Armaron Bio, a Melbourne-based drug development company focused on heart failure and other diseases, is pleased to announce that it has begun its Phase II clinical trial for NP202, its novel lead candidate drug for heart failure.
Each year, around 54,000 Australians suffer a heart attack, with a heart attack occurring every nine minutes. One of the consequences of heart attack is heart failure, a condition where the heart muscle becomes scarred and too weak to pump blood around the body. While the majority of heart attack patients survive the initial trauma, around 50% of survivors die within five years of their heart attack from heart failure. Heart failure is also one of the biggest killers globally, with more than 22 million cases worldwide and 850,000 new cases each year in the US alone.
If successful, Armaron’s new drug could be given to patients following a heart attack, preventing the scarring that causes heart failure. The Phase II trial aims to show improvement in heart function of heart attack patients 90 days after being administered with the drug. Unlike other treatments, NP202 actively reduces the build-up of scar tissue that causes heart failure.
The double blinded, placebo controlled, randomised clinical Phase II trial will enrol 120 heart attack patients across 20 sites in Australia, New Zealand and the US. The primary endpoint of the trial is the change from baseline in the heart’s size and function, as assessed by an MRI at the 90 day point, between treatment groups.
The trial results are expected in the second quarter of 2017.

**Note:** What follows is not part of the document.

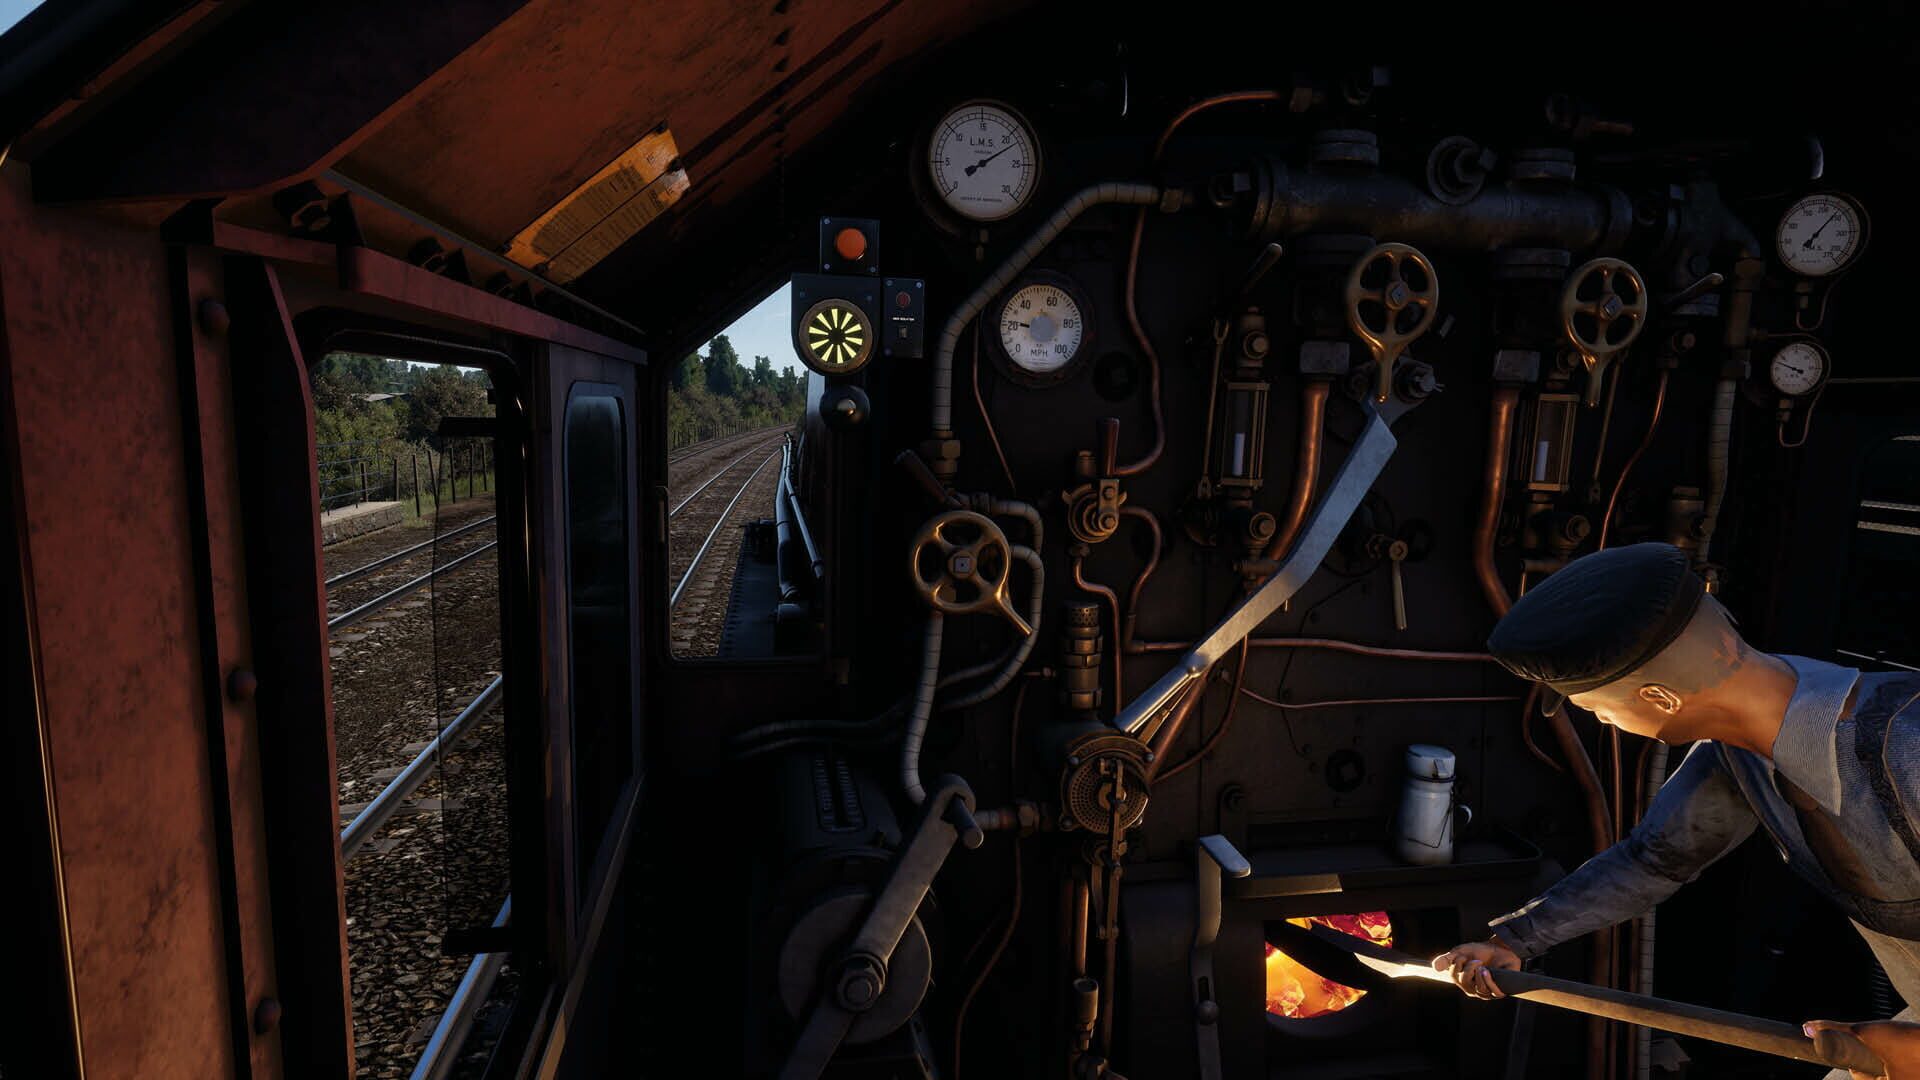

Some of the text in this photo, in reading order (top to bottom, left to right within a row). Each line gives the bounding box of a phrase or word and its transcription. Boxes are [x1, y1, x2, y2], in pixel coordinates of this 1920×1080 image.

“We are very pleased to be commencing this Phase II trial for NP202, our novel treatment for heart failure, a condition which kills 50% of patients within five years of diagnosis and results in more than one million hospitalisations in the USA annually,” said Armaron Bio Chief Executive Officer, Grant McLachlan.
Professor Andrew Boyle, the Principal Investigator at Newcastle’s John Hunter Hospital added: “This trial is an important step in developing new treatments for this devastating condition, which affects so many heart attack patients. In laboratory studies, NP202 actively treats the cause of heart failure rather than simply managing blood pressure and clearing fluid. We will study whether this benefit will also be seen in our heart attack patients.”